Top of SOURCE DATA

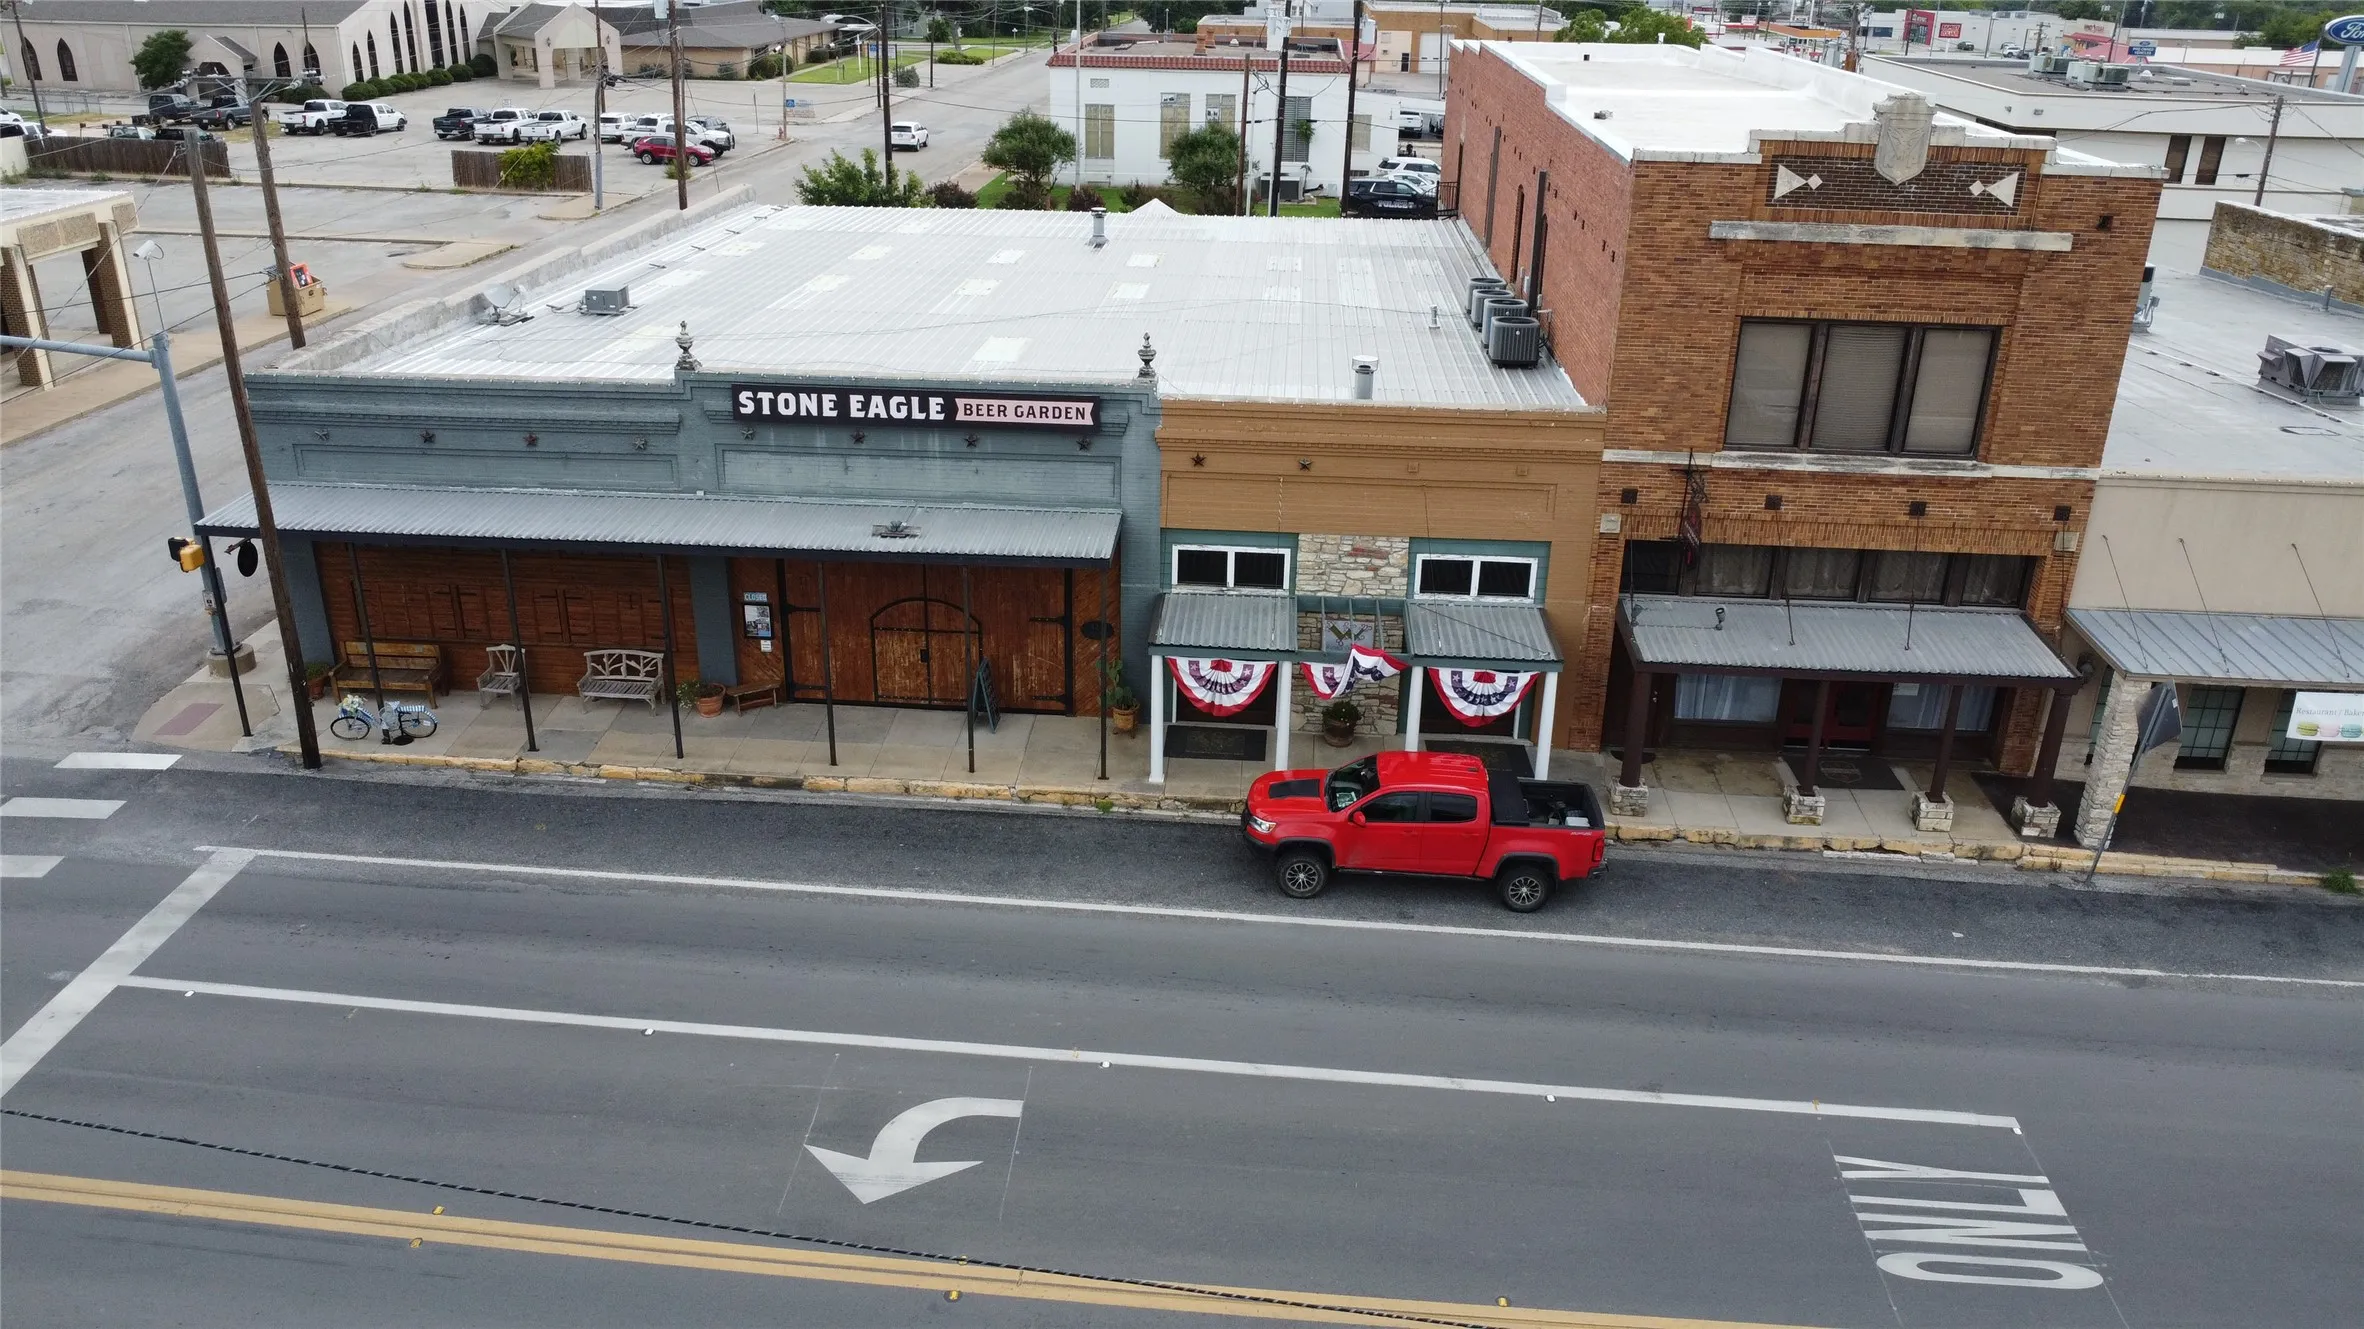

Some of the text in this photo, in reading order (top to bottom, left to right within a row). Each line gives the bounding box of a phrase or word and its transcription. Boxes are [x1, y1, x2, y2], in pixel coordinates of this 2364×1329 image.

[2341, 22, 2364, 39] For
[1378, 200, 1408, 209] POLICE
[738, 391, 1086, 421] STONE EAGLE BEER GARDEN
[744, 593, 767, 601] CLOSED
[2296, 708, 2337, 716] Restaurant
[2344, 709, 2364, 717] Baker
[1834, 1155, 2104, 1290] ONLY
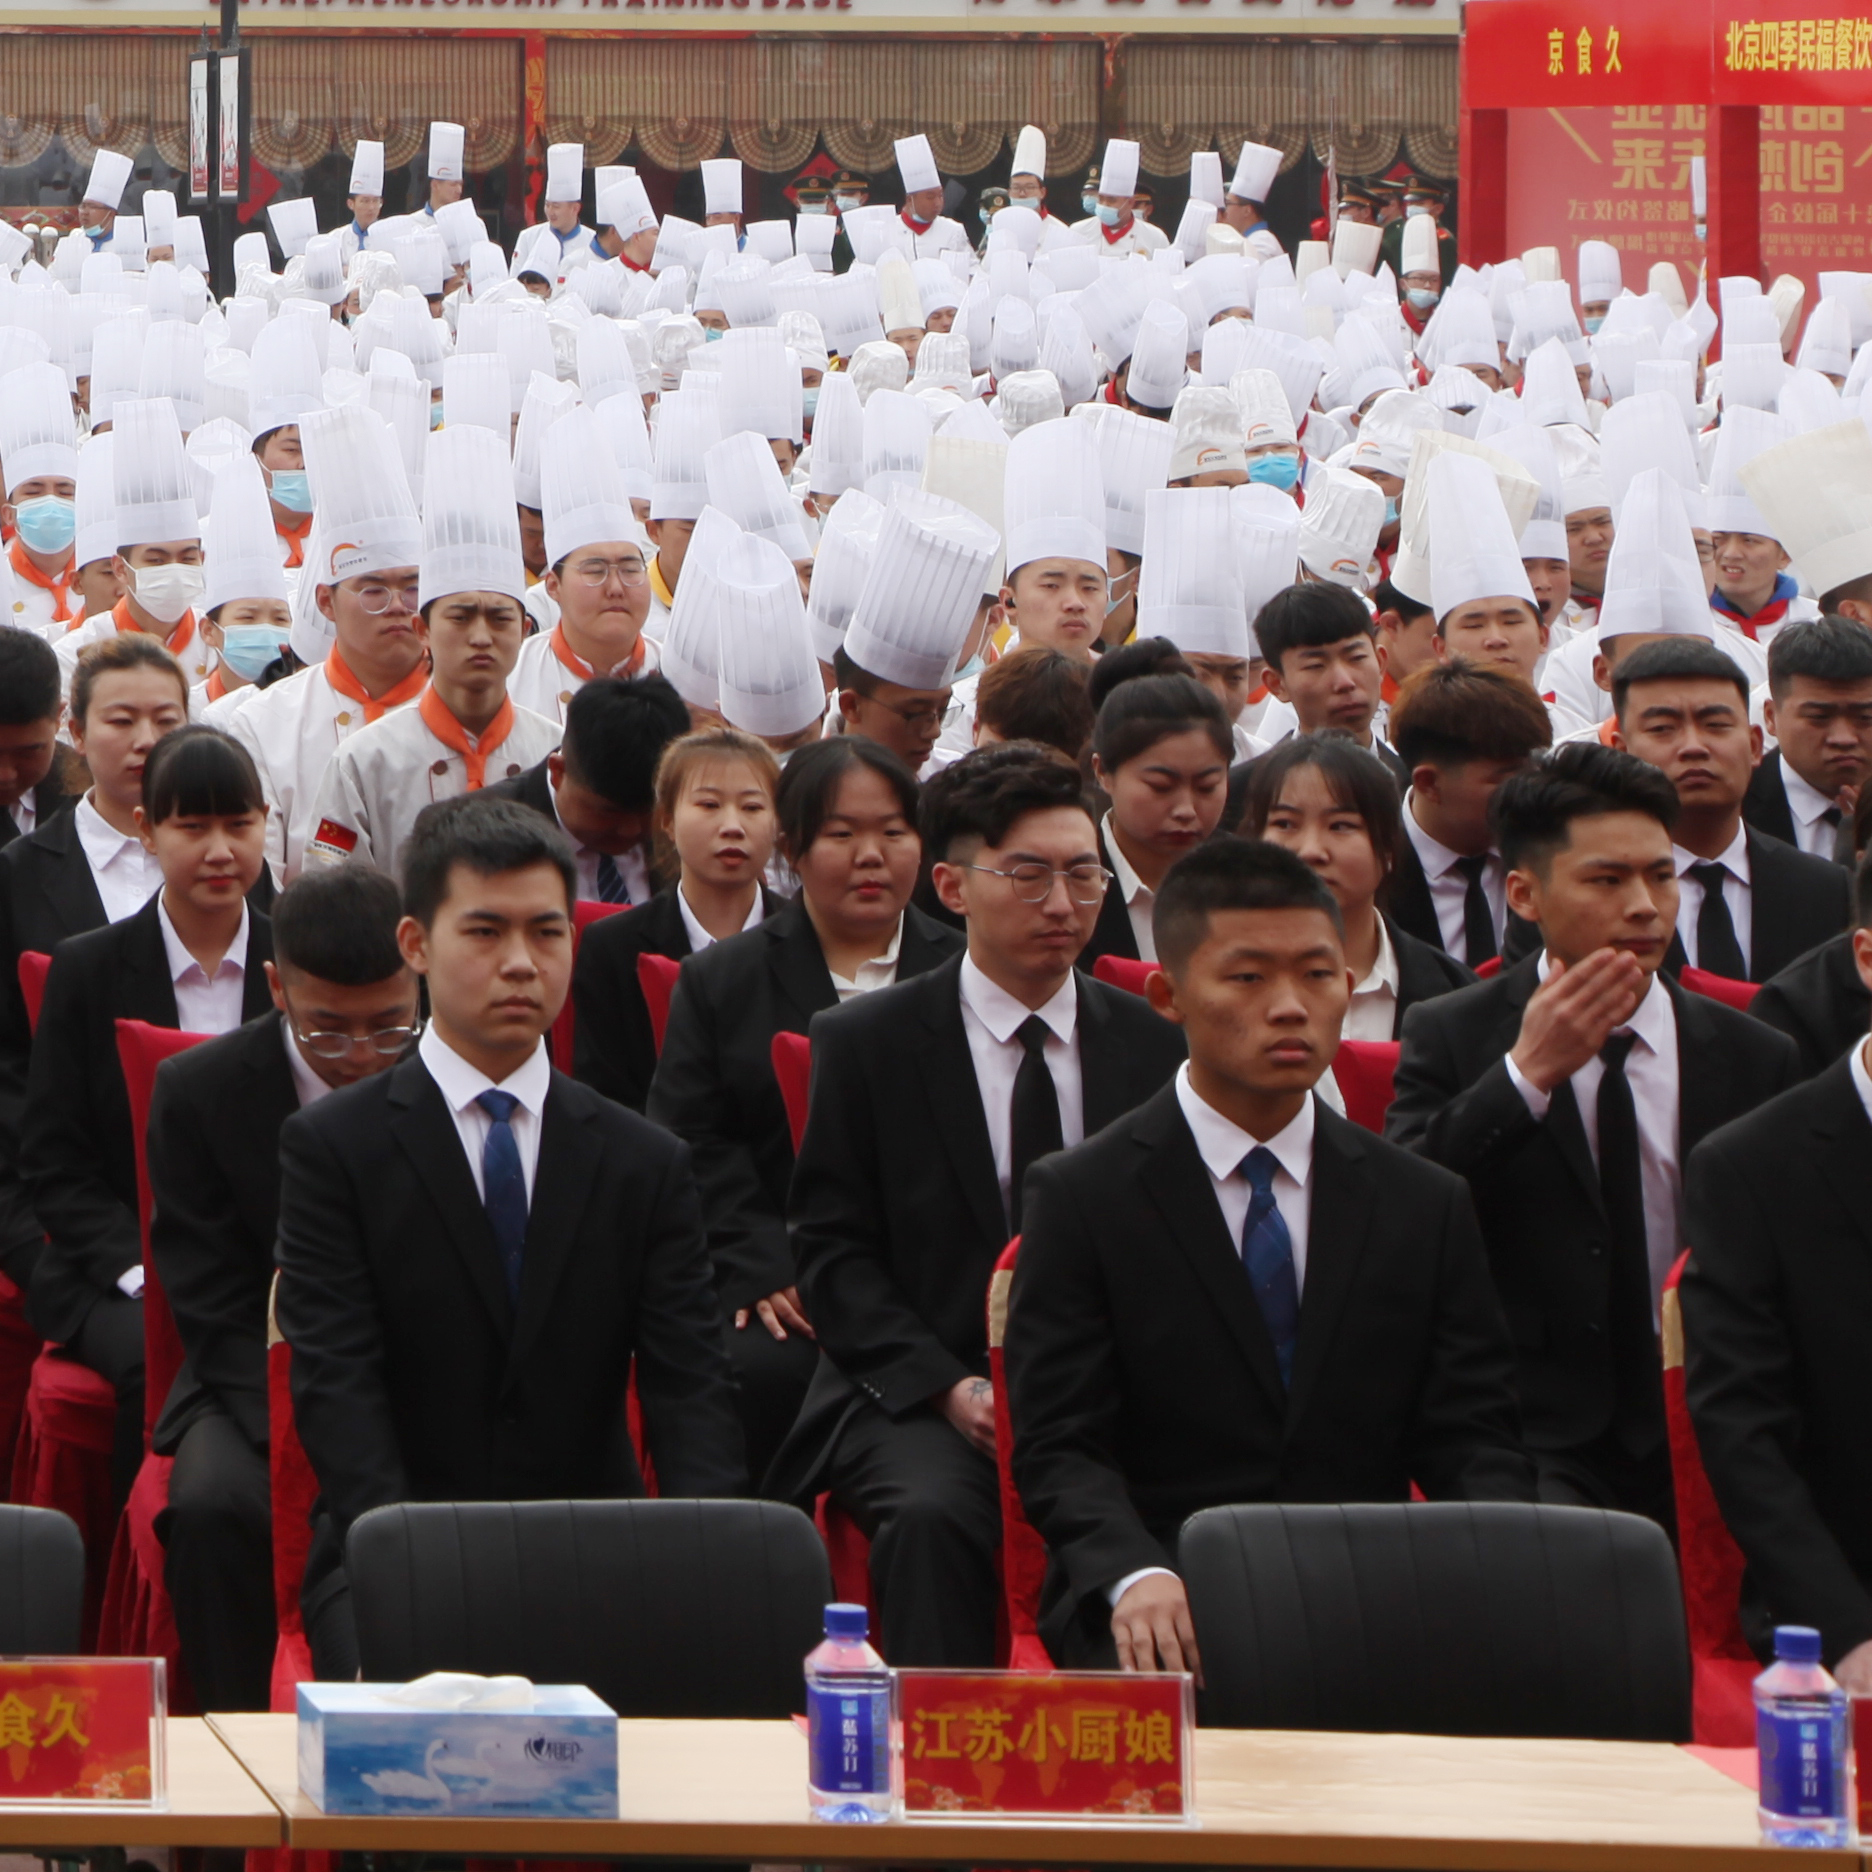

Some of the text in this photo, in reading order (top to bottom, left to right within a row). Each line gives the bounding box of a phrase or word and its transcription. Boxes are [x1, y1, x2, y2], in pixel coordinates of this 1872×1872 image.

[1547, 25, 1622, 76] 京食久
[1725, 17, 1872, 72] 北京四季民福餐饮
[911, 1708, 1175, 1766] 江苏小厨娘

Bottom of SOURCE DATA

*WHAT IS NEEDED*:
Beginning at the line that holds "this 1872×1872 image.", write out word for word each line through the end of the records.

*ANSWER AREA*:
Some of the text in this photo, in reading order (top to bottom, left to right within a row). Each line gives the bounding box of a phrase or word and its transcription. Boxes are [x1, y1, x2, y2], in pixel coordinates of this 1872×1872 image.

[1547, 25, 1622, 76] 京食久
[1725, 17, 1872, 72] 北京四季民福餐饮
[911, 1708, 1175, 1766] 江苏小厨娘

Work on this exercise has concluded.